*** Entries provided Section Begins ***

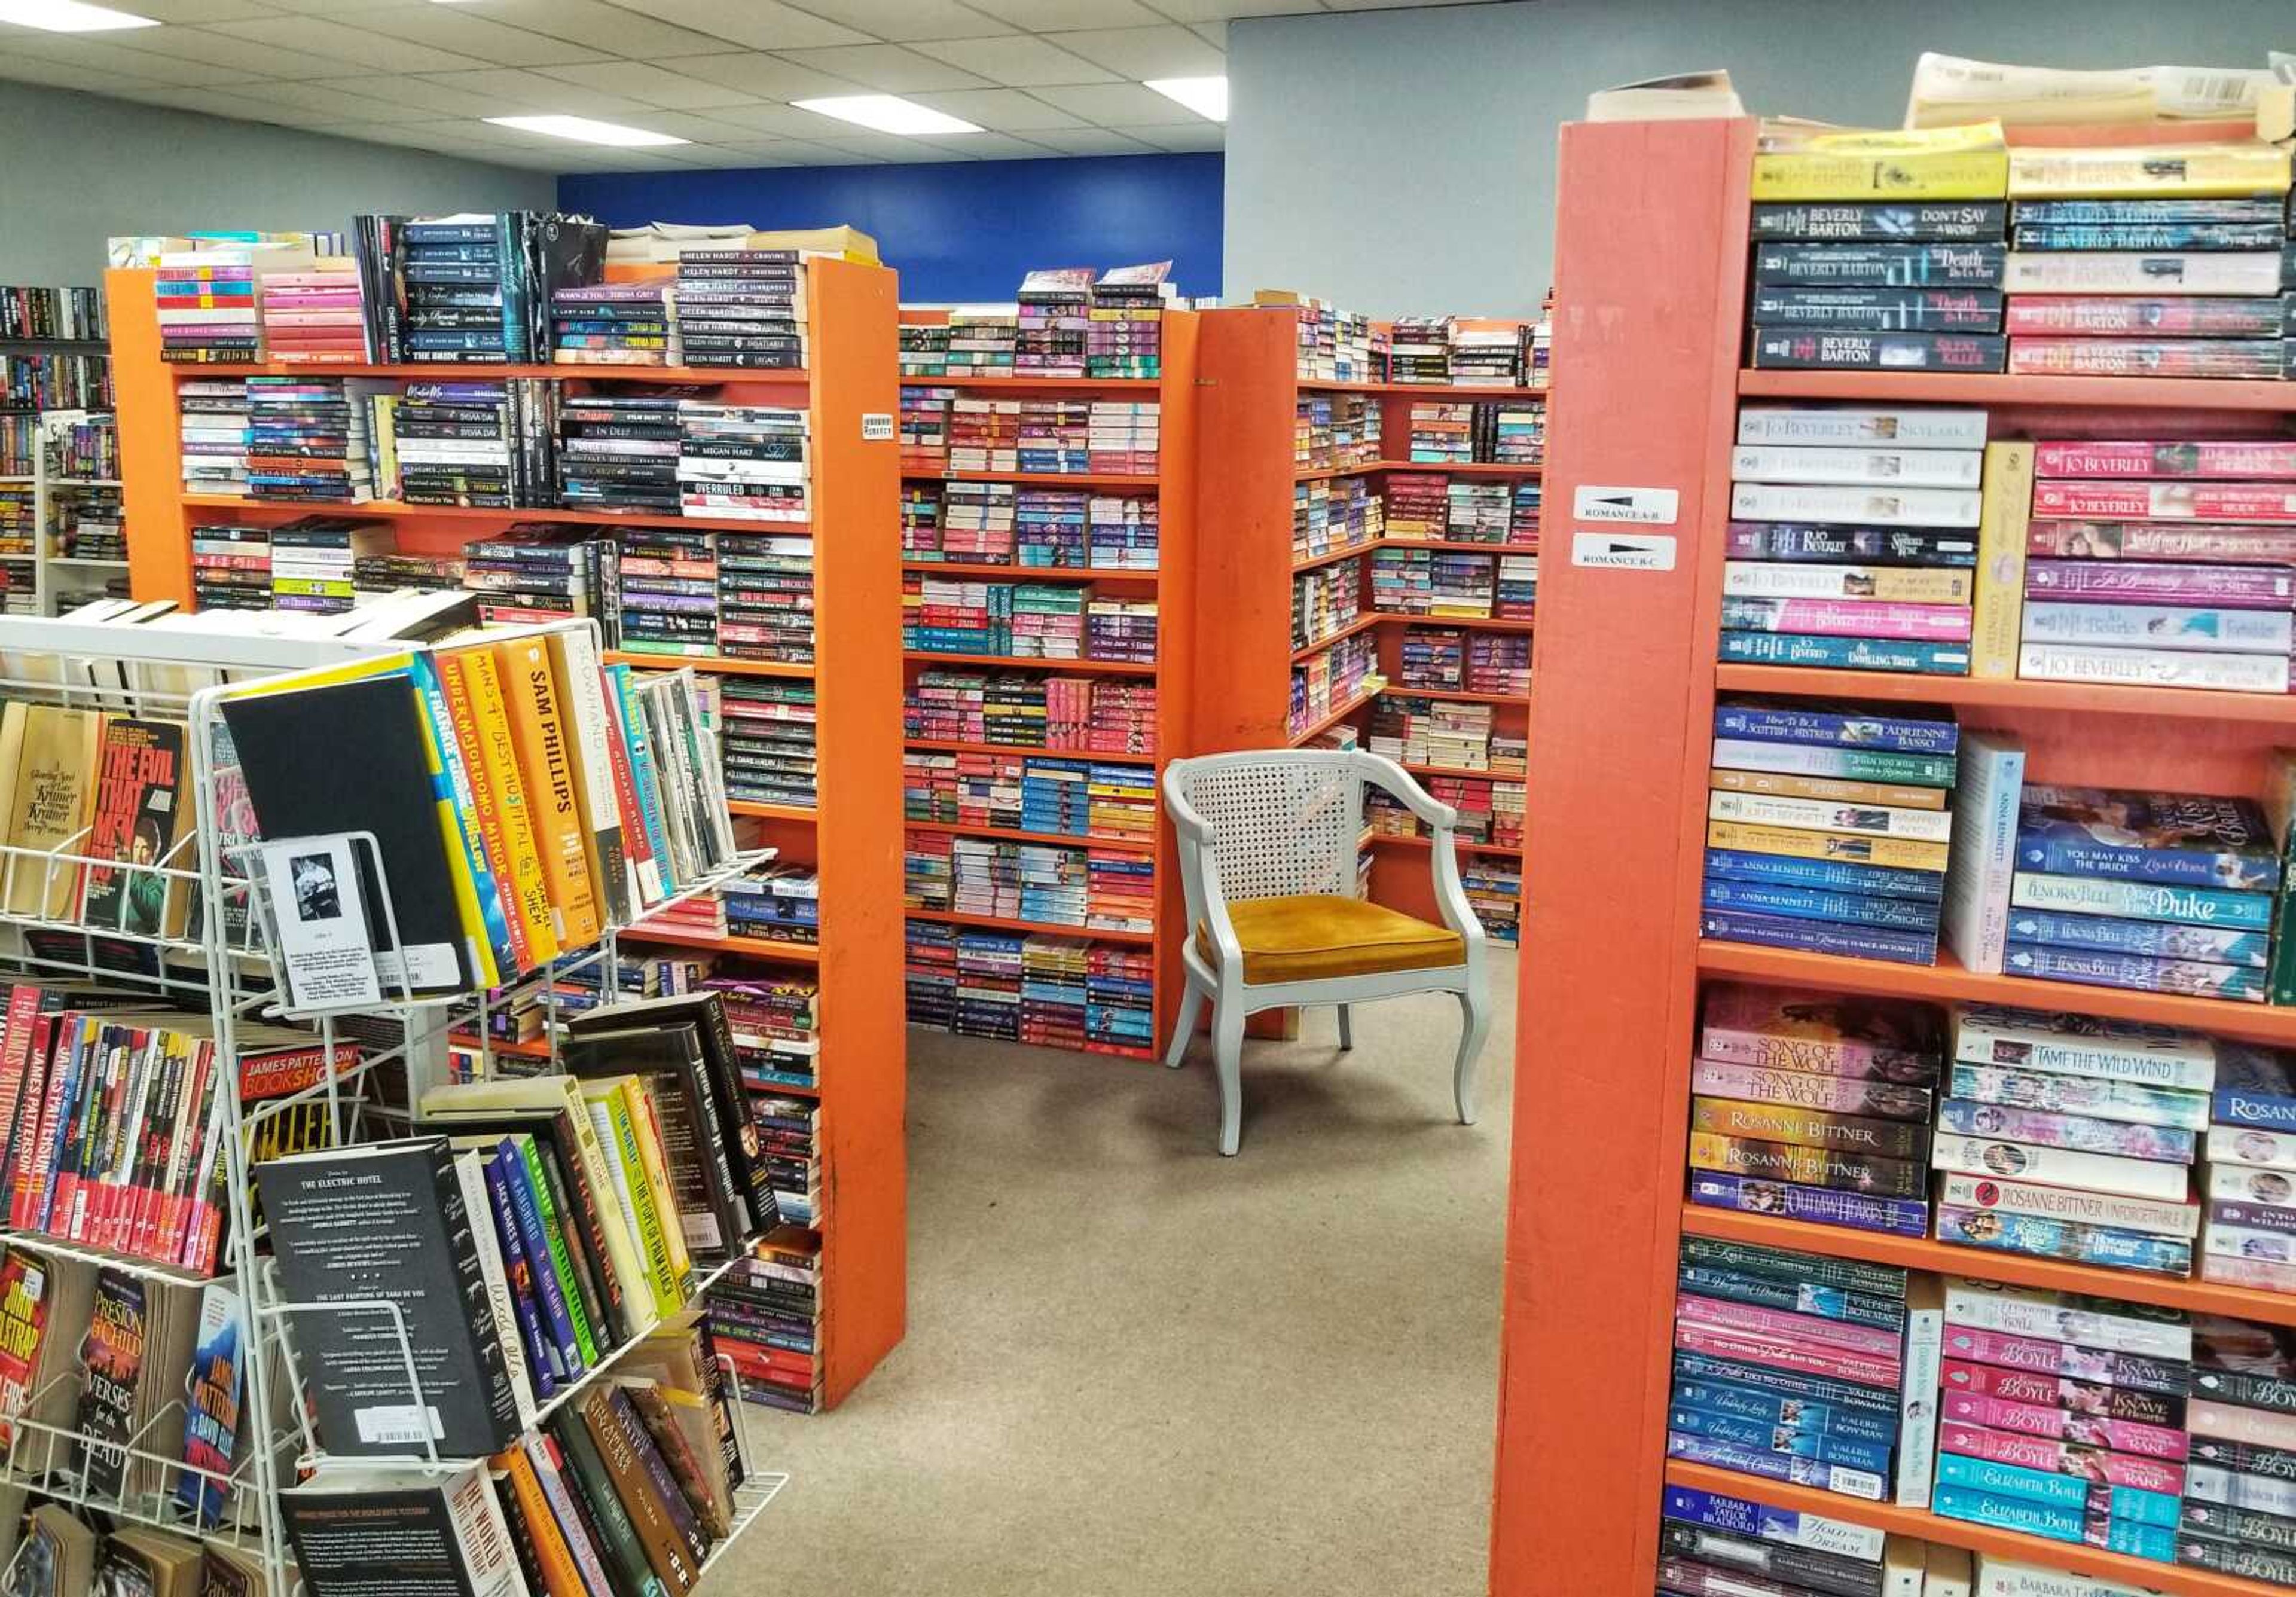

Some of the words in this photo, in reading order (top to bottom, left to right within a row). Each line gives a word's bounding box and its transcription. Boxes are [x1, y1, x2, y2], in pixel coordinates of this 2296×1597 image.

[1810, 208, 1862, 222] BEVERLY
[1961, 207, 1987, 222] SAY
[1809, 222, 1861, 236] BARTON
[716, 252, 740, 260] HARDT
[1940, 250, 1983, 268] Death
[684, 268, 710, 276] HELEN
[712, 268, 738, 276] HARDT
[1789, 261, 1840, 276] BEVERLY
[1843, 261, 1886, 276] BARTON
[680, 307, 706, 315] HELEN
[1785, 305, 1835, 320] BEVERLY
[1837, 305, 1882, 319] BARTON
[2075, 314, 2127, 328] BARTON
[683, 323, 710, 331] HELEN
[685, 338, 706, 347] HELEN
[1822, 337, 1872, 350] BEVERLY
[435, 352, 459, 361] BRIDE
[685, 355, 708, 364] HELEN
[710, 355, 733, 364] HARDT
[1821, 350, 1870, 362] BARTON
[2074, 356, 2127, 369] BARTON
[703, 447, 729, 456] MEGAN
[2084, 458, 2149, 472] BEVERLEY
[695, 484, 744, 496] OVERRULED
[1585, 509, 1636, 518] ROMANCE
[2086, 500, 2145, 514] BEVERLEY
[1584, 556, 1635, 564] ROMANCE
[2048, 658, 2069, 671] JO
[2073, 656, 2142, 676] BEVERLEY
[429, 690, 457, 759] FRANKIE
[1885, 725, 1948, 739] ADRIENNE
[530, 670, 552, 716] SAM
[541, 721, 572, 813] PHILLIPS
[1898, 736, 1935, 748] BASSO
[103, 746, 141, 781] THE
[141, 747, 176, 787] EVIL
[444, 663, 493, 816] UNDERMAJORDOMO
[484, 822, 507, 879] MINOR
[36, 786, 78, 804] Kramer
[100, 778, 146, 814] THAT
[492, 731, 512, 771] BEST
[505, 774, 530, 845] HOSPITAL
[27, 805, 71, 820] Kramer
[93, 811, 138, 852] MEN
[2067, 850, 2089, 860] YOU
[2092, 851, 2115, 862] MAY
[2118, 853, 2140, 865] KISS
[2075, 860, 2095, 869] THE
[2098, 860, 2129, 872] BRIDE
[1742, 861, 1769, 872] ANNA
[1770, 865, 1815, 876] BENNETT
[524, 890, 542, 926] SHEM
[535, 879, 552, 932] SAMUEL
[1739, 893, 1767, 905] ANNA
[1768, 895, 1814, 908] BENNETT
[2150, 886, 2216, 919] Duke
[1757, 1038, 1810, 1056] SONG
[1813, 1045, 1836, 1059] OF
[53, 1046, 72, 1096] JAMES
[248, 1061, 286, 1076] JAMES
[1754, 1051, 1787, 1067] THE
[1793, 1055, 1839, 1073] WOLF
[2037, 1046, 2070, 1064] TAME
[2072, 1050, 2094, 1069] THE
[2096, 1052, 2131, 1073] WILD
[2133, 1057, 2172, 1078] WIND
[28, 1048, 45, 1098] JAMES
[692, 1056, 713, 1099] Never
[1752, 1070, 1805, 1091] SONG
[1808, 1077, 1829, 1091] OF
[1748, 1082, 1781, 1098] THE
[1786, 1088, 1836, 1105] WOLF
[20, 1100, 40, 1173] PATTERSON
[36, 1092, 62, 1173] PATTERSON
[1732, 1112, 1803, 1133] ROSANNE
[1808, 1122, 1881, 1147] BITTNER
[1729, 1148, 1800, 1168] ROSANNE
[1805, 1159, 1871, 1179] BITTNER
[319, 1177, 355, 1188] ELECTRIC
[357, 1175, 382, 1184] HOTEL
[635, 1182, 647, 1203] THE
[2002, 1189, 2056, 1212] ROSANNE
[2057, 1197, 2102, 1217] BITTNER
[496, 1181, 509, 1207] JACK
[503, 1210, 517, 1242] WAKES
[511, 1242, 521, 1256] UP
[514, 1175, 541, 1241] RANCHERO
[640, 1202, 655, 1227] POPE
[652, 1239, 666, 1269] PALM
[658, 1269, 674, 1297] BEACH
[5, 1279, 34, 1322] JOHN
[93, 1288, 144, 1333] PRESTON
[102, 1319, 142, 1357] CHILD
[1999, 1343, 2059, 1368] BOYLE
[2117, 1358, 2171, 1382] KNAVE
[86, 1371, 133, 1413] VERSES
[1996, 1375, 2057, 1402] BOYLE
[2114, 1393, 2169, 1416] KNAVE
[95, 1405, 108, 1421] for
[106, 1410, 117, 1429] the
[2002, 1407, 2060, 1435] BOYLE
[197, 1412, 219, 1447] DAVID
[1836, 1421, 1884, 1439] BOWMAN
[78, 1423, 130, 1471] DEAD
[1832, 1442, 1873, 1456] VALERIE
[1997, 1440, 2057, 1468] BOYLE
[1827, 1450, 1874, 1468] BOWMAN
[1983, 1468, 2044, 1494] ELIZABETH
[2125, 1470, 2165, 1489] RAKE
[1709, 1494, 1752, 1514] BARBARA
[1713, 1506, 1746, 1521] TAYLOR
[1979, 1498, 2041, 1524] ELIZABETH
[462, 1477, 482, 1511] THE
[475, 1514, 503, 1571] WORLD
[1703, 1512, 1755, 1533] BRADFORD
[1809, 1516, 1850, 1535] HOLD
[451, 1493, 469, 1523] UNTIL
[462, 1523, 490, 1578] YESTERDAY
[1808, 1533, 1861, 1553] DREAM

*** Entries provided Section Ends ***

What you need to do → Copy out each line of the data that includes the string "ELIZABETH".

Exercise solution →
[1983, 1468, 2044, 1494] ELIZABETH
[1979, 1498, 2041, 1524] ELIZABETH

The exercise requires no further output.